To add to the mix: Intel CEO Pat Gelsinger said just a few weeks ago that PVC comes with double the performance originally expected, which allowed Aurora to be a 2EF machine. Does this mean that the original performance target for PVC was ~ 20 TF FP64? No matter what, AMD’s recent announcement of the MI250X last week showcased a dual-GPU chip with 47.9 TF of FP64 vector performance, moving to 95.7 TF in FP64 matrix performance. The end result could be that AMD’s MI250X actually has better raw performance than PVC, however AMD needs 560 W for that card, while Intel’s power numbers have not been revealed. We could calculate a napkin here too.
- Frontier uses 560W MI250X cards and is rated for 1.5 ExaFlops FP64 Vector at 30 MW. This means that the Frontier needs 31,300 cards (1.5 EF / 49.7 TF) to meet the performance targets, and for each 560W MI250X card, the Frontier has allocated 958 watts of power (30 MW / 31,300 cards). This is 71% of the cost for each card (meaning cooling, storage systems, other computers / management, etc.).
- Aurora uses PVC at an unknown power, rated for 2 ExaFlops FP64 Vector at 60 MW power. We know that PVC has 54000+ cards to meet performance goals, which means the system has set aside 1053 W (that’s 60 MW / 54000) per card to include a PVC accelerator and other necessary costs. If we were to assume (I know a big guess) that Frontier and Aurora have similar costs, then we are looking at 615 W per PVC.
- This would end up with PVC at 615 W for 37 TF, against MI250X at 560 W for 47.9 TF.
- This raw discussion does not talk about the specific characteristics that each card has for its use case.

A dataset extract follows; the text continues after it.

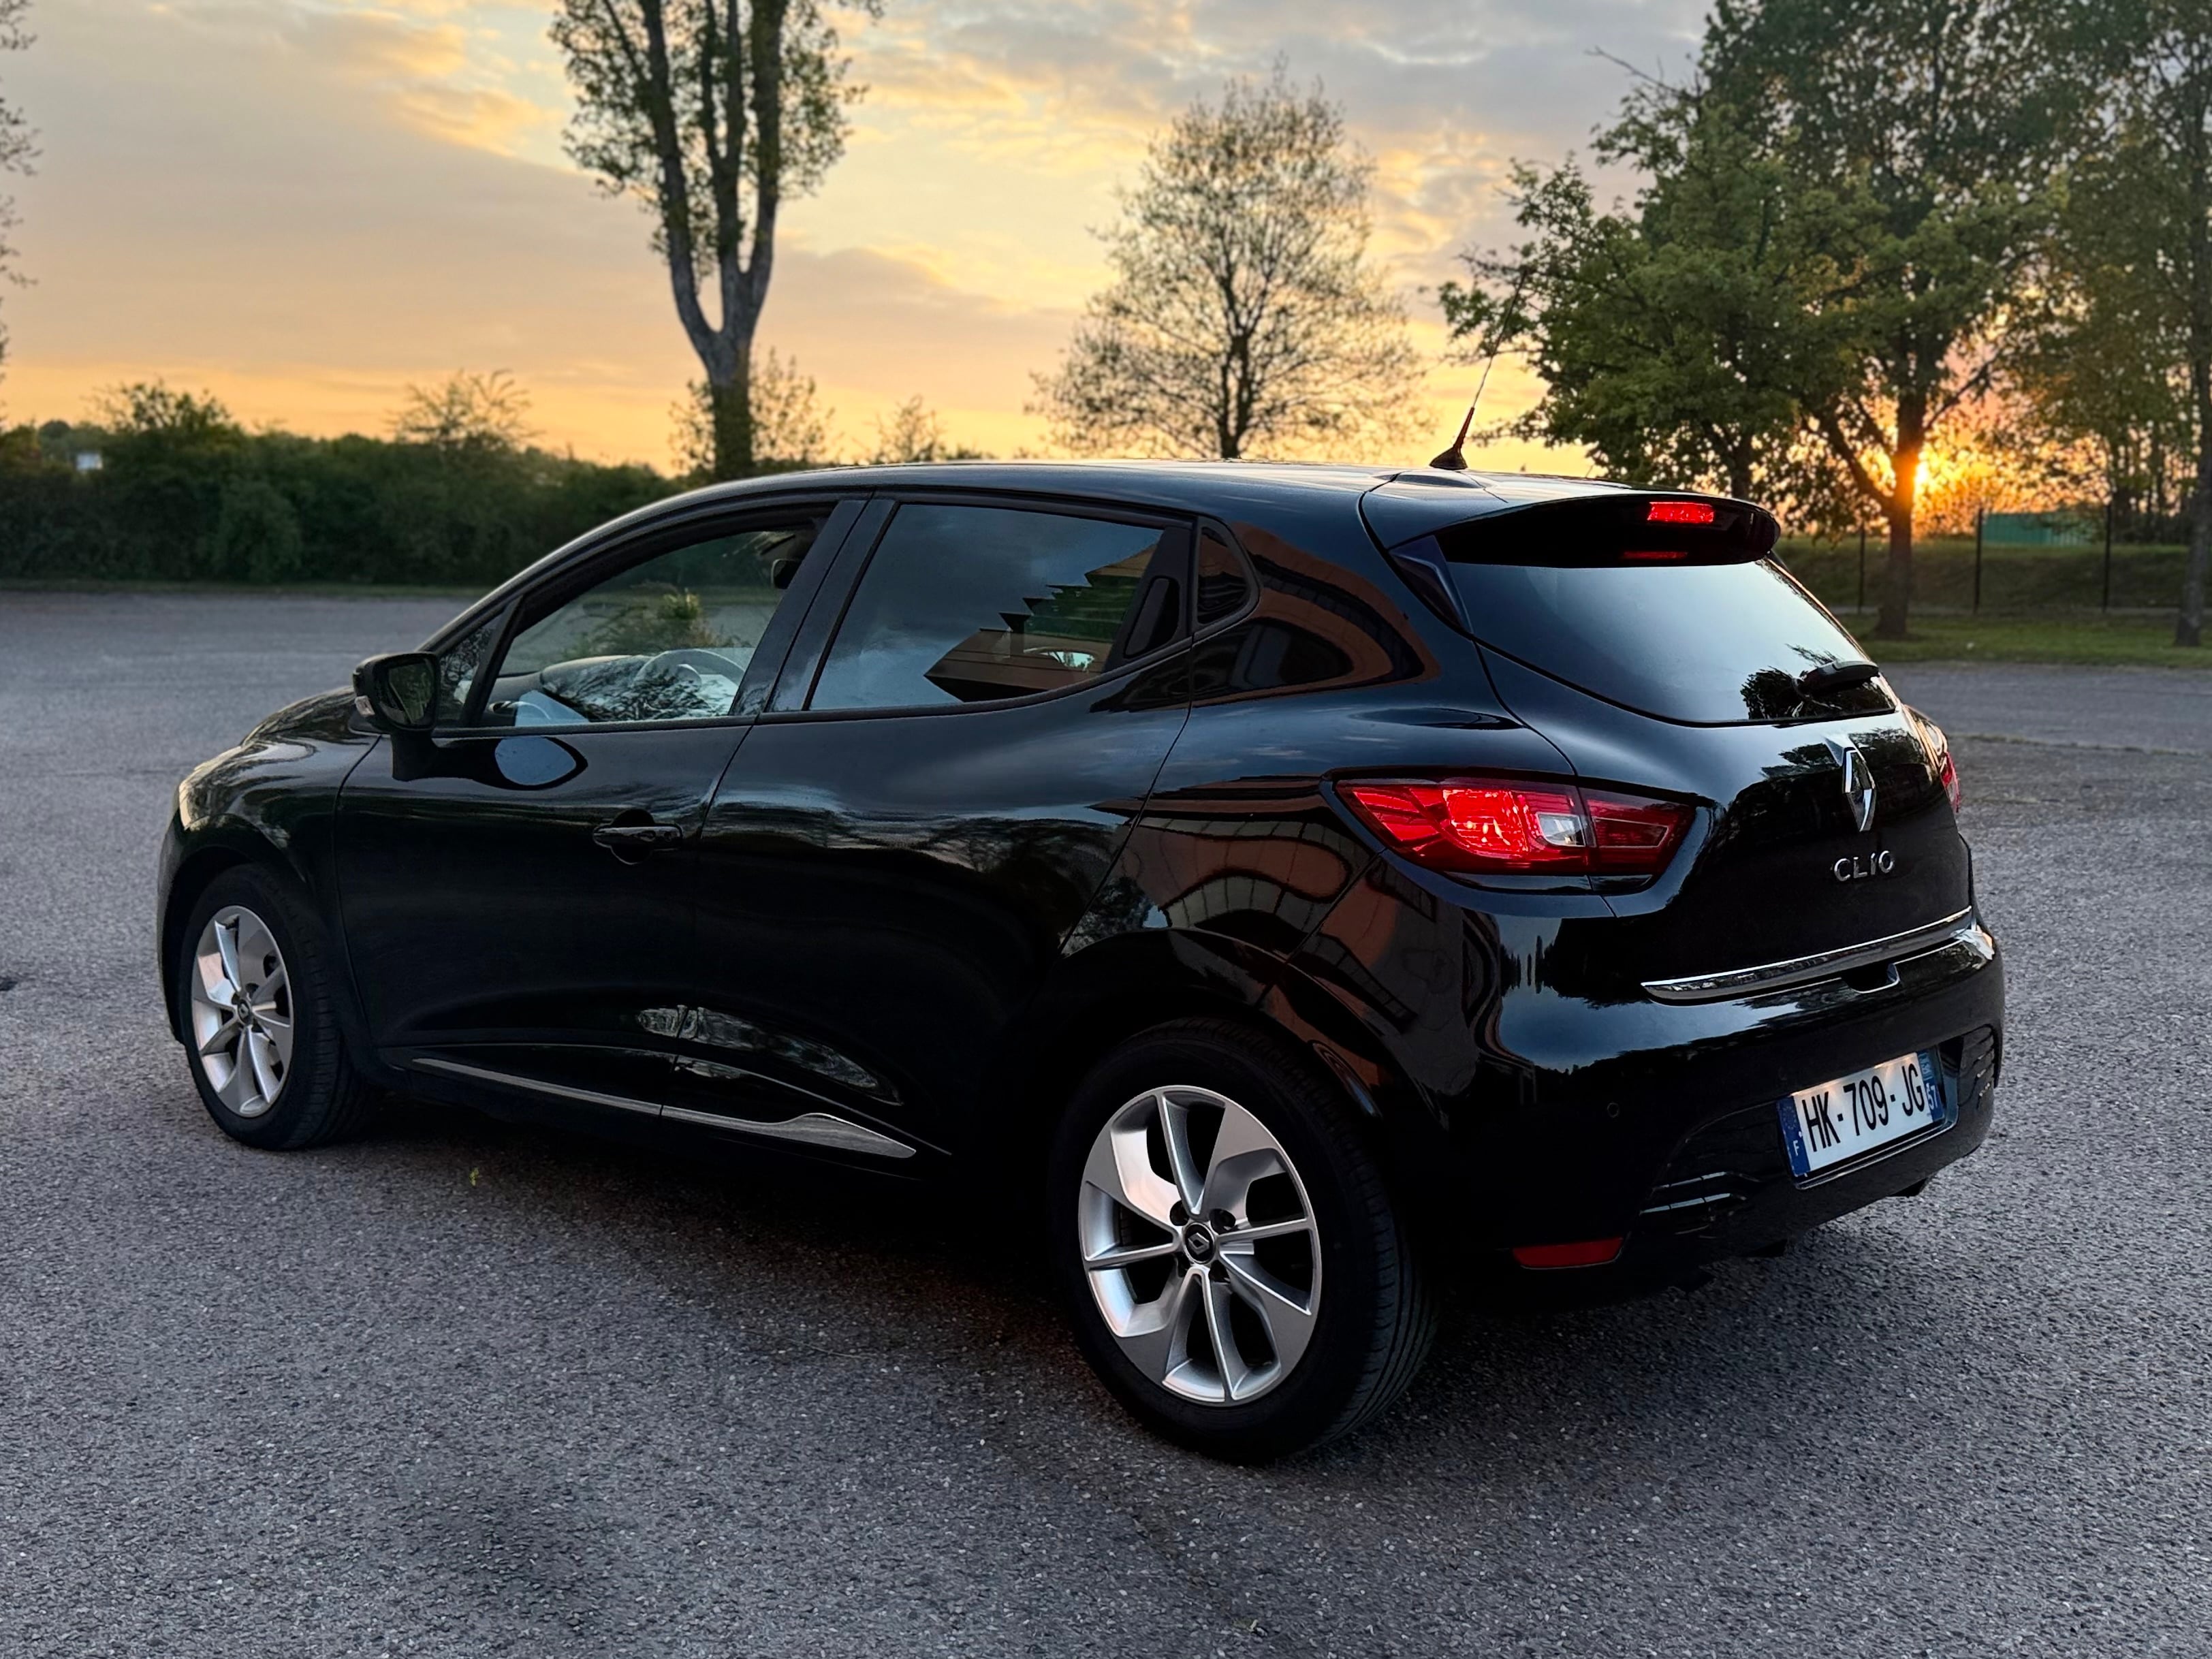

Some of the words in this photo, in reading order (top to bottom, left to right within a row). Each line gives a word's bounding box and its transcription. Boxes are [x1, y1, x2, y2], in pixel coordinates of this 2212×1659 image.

[1834, 851, 1893, 881] CLIO
[1801, 1063, 1925, 1152] HK-709-JG
[1926, 1084, 1938, 1110] 57
[1792, 1139, 1800, 1156] F

|Compute GPU Accelerator Comparision
|Product||Old Bridge||MI250X||A100 80GB|
|Transistors||100 B||58.2 B||54.2 B|
|Tiles (including HBM)||47||10||6 + 1 spare|
|Compute Units||128||2 x 110||108|
|Matrix Cores||128||2 x 440||432|
|INT8 Tensor||?||383 TOPs||624 TOP|
|FP16 Matrix||?||383 TOPs||312 TOP|
|FP64 Vector||?||47.9 TFLOPS||9.5 TFLOPS|
|FP64 Matrix||?||95.7 TFLOPs||19.5 TFLOPS|
|L2 / L3||2 x 204 MB||2 x 8 MB||40 MB|
|VRAM capacity||128 GB (?)||128 GB||80 GB|
|VRAM Tip||8 x HBM2e||8 x HBM2e||5 x HBM2e|
|VRAM Bandwidth||?||3.2 TB / s||2.0 TB / s|
|Chip to chip Total BW||8||8 x 100 GB / s||12 x 50 GB / s|
|CPU Coherency||Yes||In IF||With NVLink 3|
|TSMC N6||TSMC N7|
|Form Factors||OAM||OAM (560 W)||SXM4 (400W *)

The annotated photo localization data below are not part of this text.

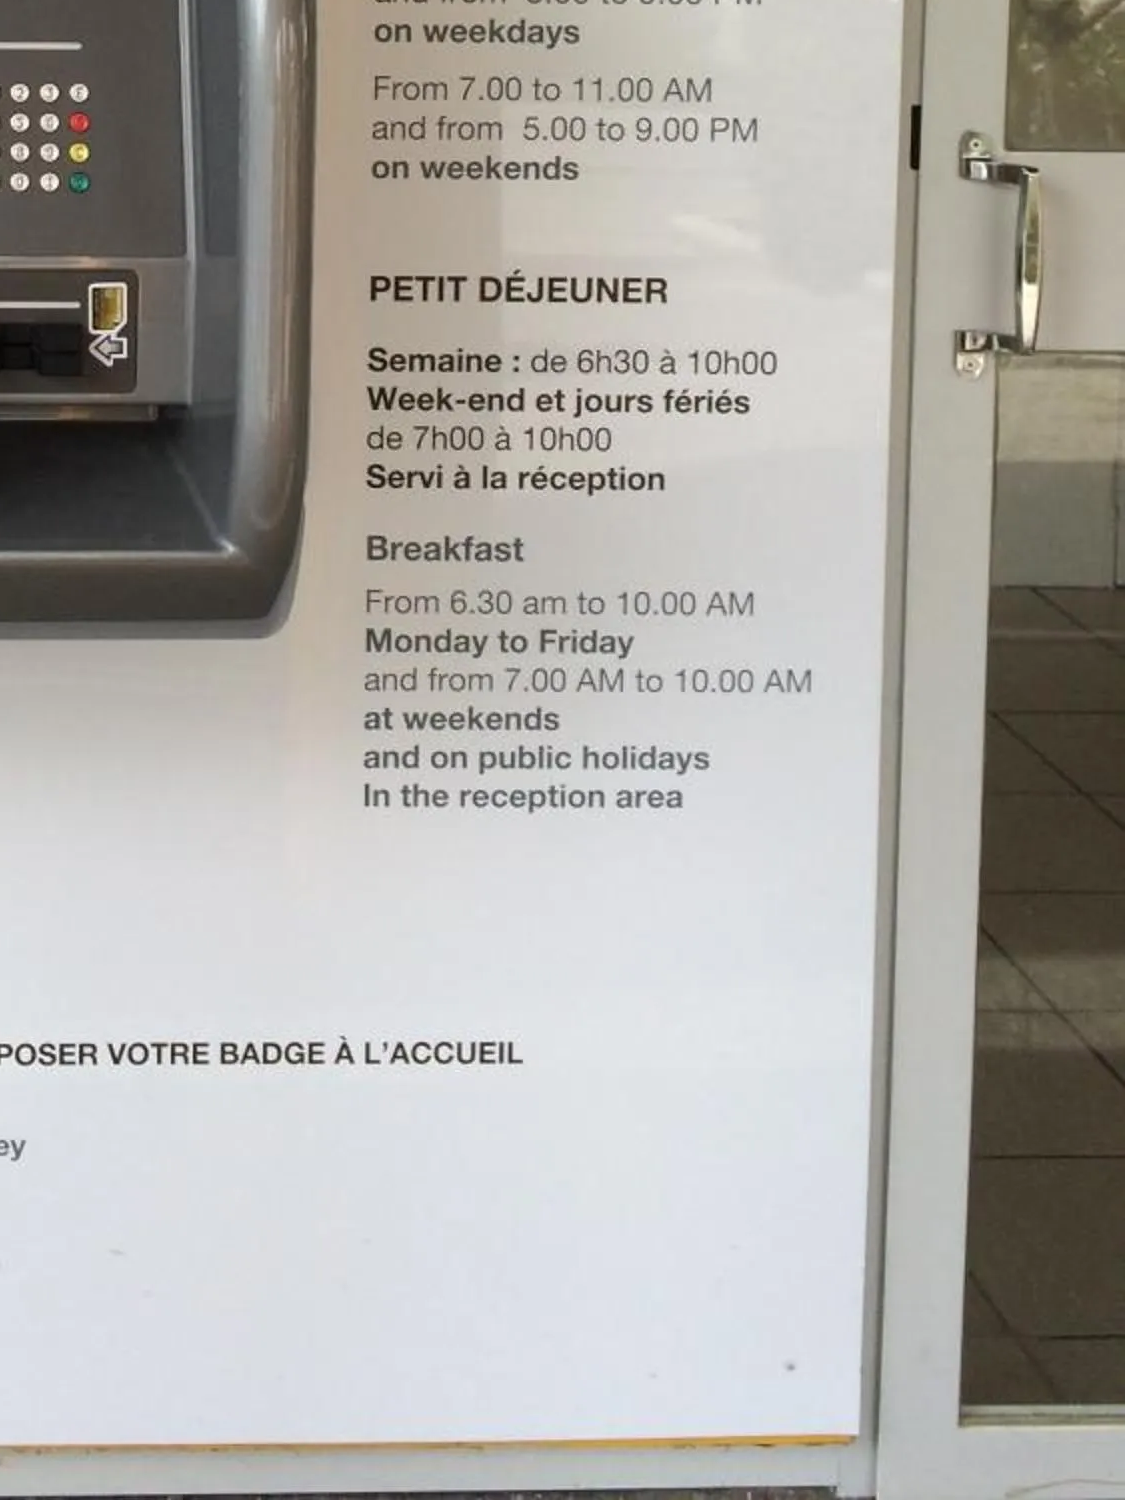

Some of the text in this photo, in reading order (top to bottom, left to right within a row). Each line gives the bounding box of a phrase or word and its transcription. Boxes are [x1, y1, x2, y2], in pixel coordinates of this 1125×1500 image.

[373, 16, 581, 51] on weekdays
[373, 74, 713, 104] From 7.00 to 11.00 AM
[371, 115, 759, 144] and from 5.00 to 9.00 PM
[370, 153, 580, 181] on weekends
[369, 268, 668, 305] PETIT DÉJEUNER
[366, 346, 778, 376] Semaine : de 6h30 à 10h00
[366, 385, 751, 419] Week-end et jours fériés
[365, 424, 612, 453] de 7h00 à 10h00
[365, 462, 666, 497] Servi à la réception
[366, 534, 525, 564] Breakfast
[365, 587, 755, 617] From 6.30 am to 10.00 AM
[364, 627, 636, 661] Monday to Friday
[363, 666, 812, 694] and from 7.00 AM to 10.00 AM
[362, 704, 561, 732] at weekends
[362, 743, 711, 777] and on public holidays
[363, 782, 684, 815] In the reception area
[106, 1041, 211, 1067] VOTRE
[219, 1040, 327, 1066] BADGE
[333, 1035, 356, 1066] À

|Date of issue||2022||11/2021||11/2020|
|* Some custom implementations go up to 600W|
Intel has also revealed that it will partner with SiPearl to implement PVC hardware in European HPC efforts. SiPearl is currently building an Arm-based CPU called the Rhea built on the TSMC N7.
Going forward, Intel has also released a mini-road map. There’s nothing too surprising here – Intel has plans to design outside the Ponte Vecchia, and that future Xeon Scalable processors will also have options enabled with HBM.
Friendly communicator. Music maven. Explorer. Pop culture trailblazer. Social media practitioner.